Assigned task: Write out exactly the lines below that run from the line containing "this 2000×1500 image." through the last line of the records.

▬▬▬▬▬▬

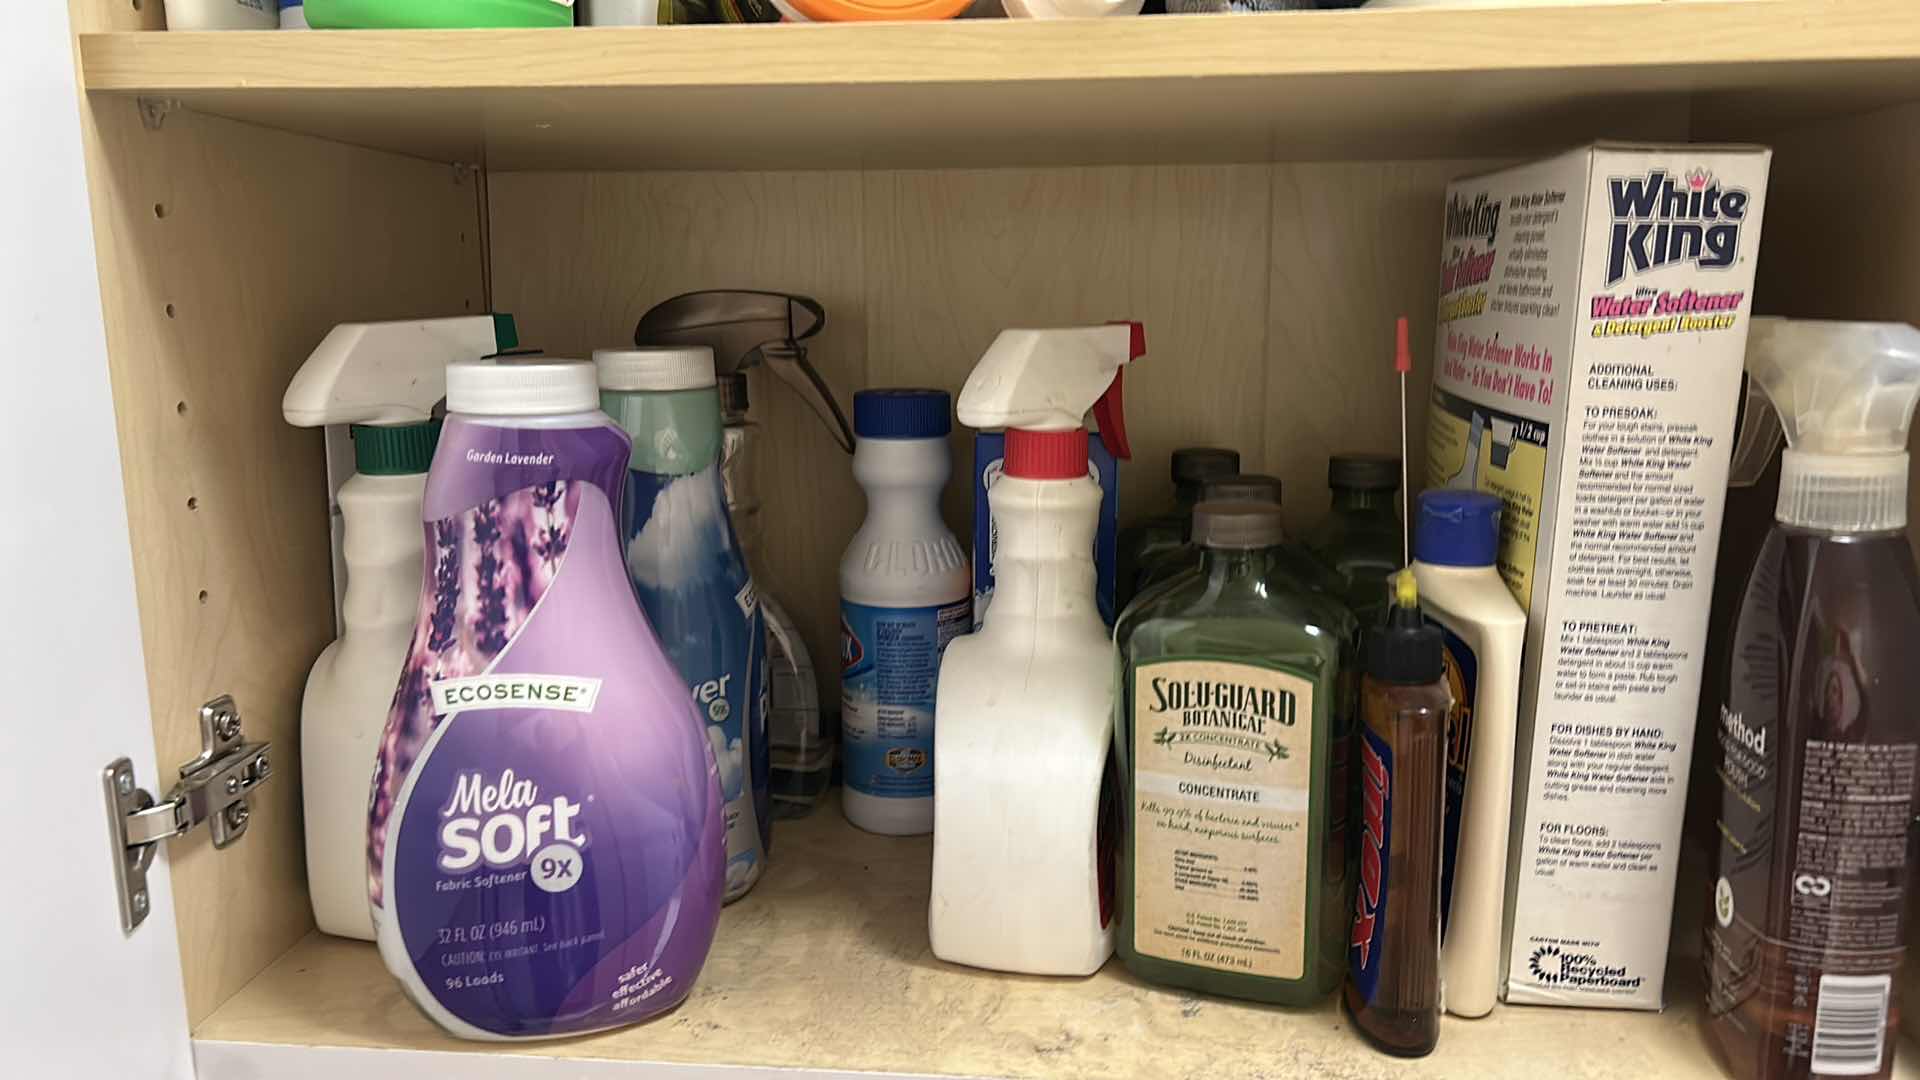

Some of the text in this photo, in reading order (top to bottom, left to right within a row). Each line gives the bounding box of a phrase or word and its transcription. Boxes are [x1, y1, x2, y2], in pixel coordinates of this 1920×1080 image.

[1607, 170, 1750, 222] White
[1605, 221, 1740, 288] King
[1591, 295, 1653, 320] Water
[1654, 288, 1744, 315] Softener
[1603, 317, 1679, 339] Detergent
[1678, 313, 1737, 332] Booster
[1513, 343, 1541, 372] Works
[1542, 346, 1553, 375] In
[1589, 363, 1654, 377] ADDITIONAL
[1492, 369, 1512, 396] Don't
[1513, 375, 1536, 403] Have
[1538, 378, 1553, 406] To!
[1588, 377, 1678, 392] CLEANING USES:
[1585, 406, 1658, 419] TO PRESOAK:
[1518, 420, 1533, 440] 1/2
[1669, 436, 1691, 444] White
[1694, 436, 1712, 447] King
[466, 449, 554, 465] Garden Lavender
[1582, 446, 1604, 454] Water
[1607, 446, 1641, 456] Softener
[1621, 459, 1643, 467] White
[1646, 460, 1665, 470] King
[1668, 460, 1691, 469] Water
[1579, 470, 1613, 479] Softener
[1573, 530, 1595, 538] White
[1597, 530, 1616, 541] King
[1618, 531, 1641, 539] Water
[1643, 532, 1677, 540] Softener
[1562, 621, 1638, 634] TO PRETREAT:
[1560, 646, 1583, 655] Water
[1585, 647, 1619, 656] Softener
[1627, 638, 1670, 648] White King
[444, 684, 578, 704] ECOSENSE
[1183, 709, 1267, 735] BOTANICAL
[1551, 723, 1664, 739] FOR DISHES BY HAND:
[1193, 734, 1261, 750] CONCENTRATE
[1634, 740, 1677, 752] White King
[1184, 751, 1253, 771] Disinfectant
[1549, 748, 1571, 757] Water
[1574, 749, 1607, 758] Softener
[1547, 769, 1649, 782] White King Water Softener
[443, 769, 538, 817] Mela
[1179, 782, 1261, 803] CONCENTRATE
[1539, 822, 1609, 837] FOR FLOORS:
[1538, 844, 1639, 860] White King Water Softener
[435, 868, 528, 892] Fabric Softener
[438, 928, 451, 945] 32
[455, 927, 466, 943] FL
[471, 925, 485, 940] OZ
[489, 920, 518, 939] (946
[1560, 953, 1598, 966] 100%
[618, 961, 649, 982] safer
[1560, 964, 1626, 977] Recycled
[445, 971, 504, 989] 96 Loads
[611, 968, 663, 999] effective
[1560, 972, 1640, 987] Paperboard
[612, 976, 673, 1011] affordable
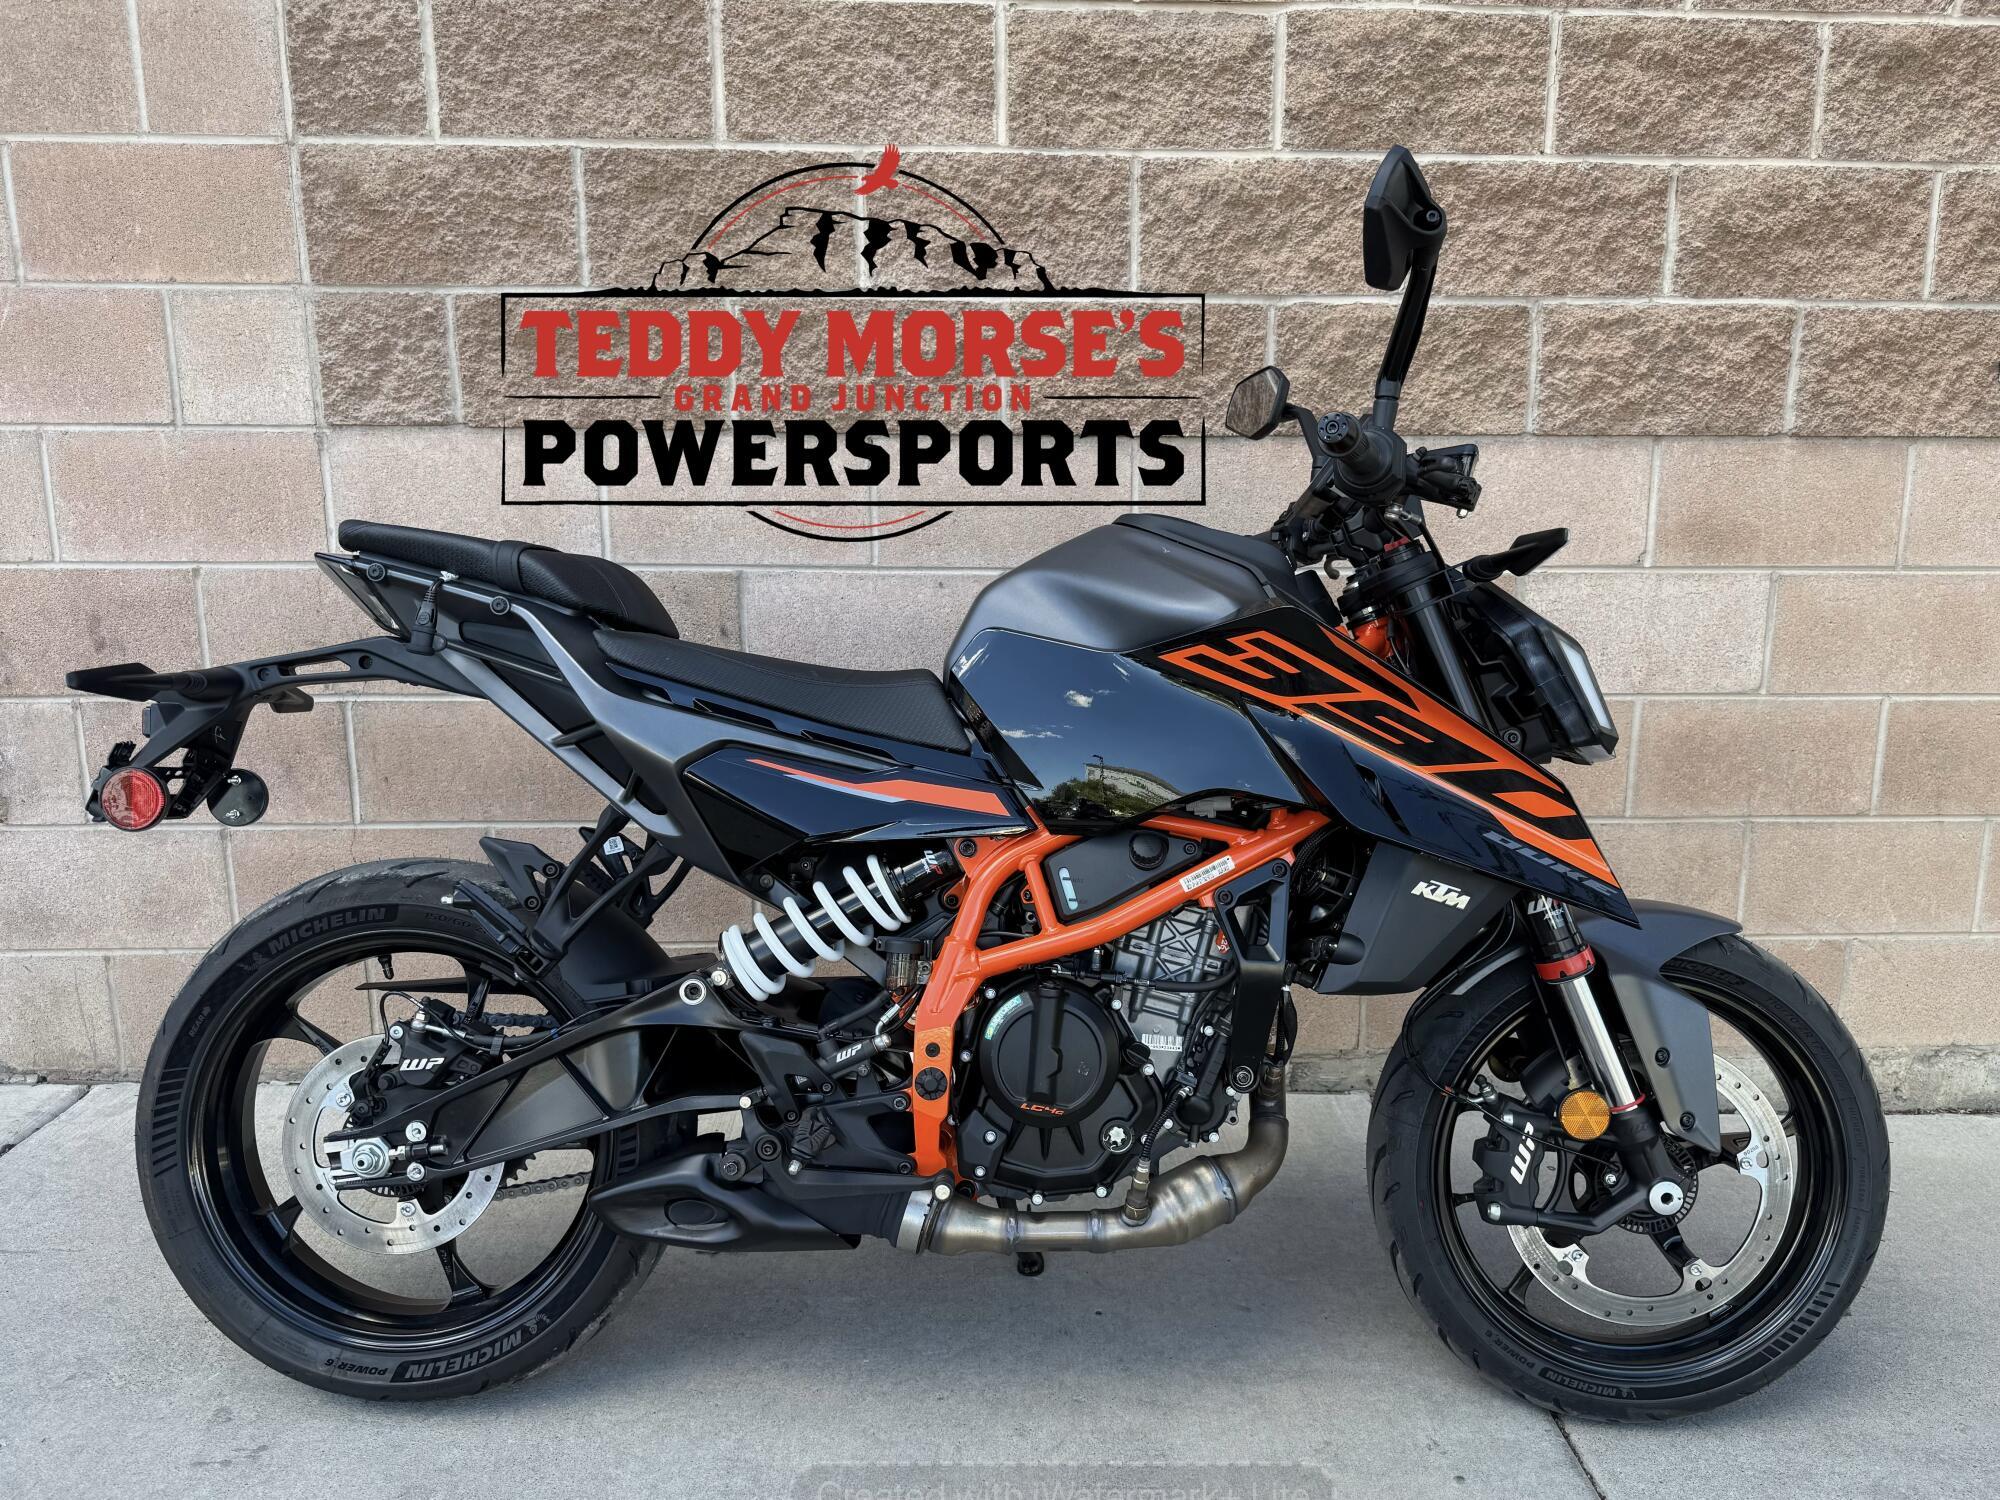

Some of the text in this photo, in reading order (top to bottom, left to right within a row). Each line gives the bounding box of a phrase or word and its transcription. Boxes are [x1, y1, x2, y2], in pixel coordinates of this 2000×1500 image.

[1482, 830, 1618, 897] DUKE
[1410, 879, 1471, 910] KTM
[270, 907, 387, 955] MICHELIN
[400, 1057, 445, 1071] WP
[836, 1043, 862, 1063] WP
[1510, 1121, 1536, 1185] WP
[403, 1328, 523, 1380] MICHELIN
[1494, 1335, 1536, 1369] POWER
[337, 1360, 389, 1377] POWER
[1545, 1369, 1618, 1398] MICHELIN

▬▬▬▬▬▬

Output for this task:
Some of the text in this photo, in reading order (top to bottom, left to right within a row). Each line gives the bounding box of a phrase or word and its transcription. Boxes are [x1, y1, x2, y2], in pixel coordinates of this 2000×1500 image.

[1482, 830, 1618, 897] DUKE
[1410, 879, 1471, 910] KTM
[270, 907, 387, 955] MICHELIN
[400, 1057, 445, 1071] WP
[836, 1043, 862, 1063] WP
[1510, 1121, 1536, 1185] WP
[403, 1328, 523, 1380] MICHELIN
[1494, 1335, 1536, 1369] POWER
[337, 1360, 389, 1377] POWER
[1545, 1369, 1618, 1398] MICHELIN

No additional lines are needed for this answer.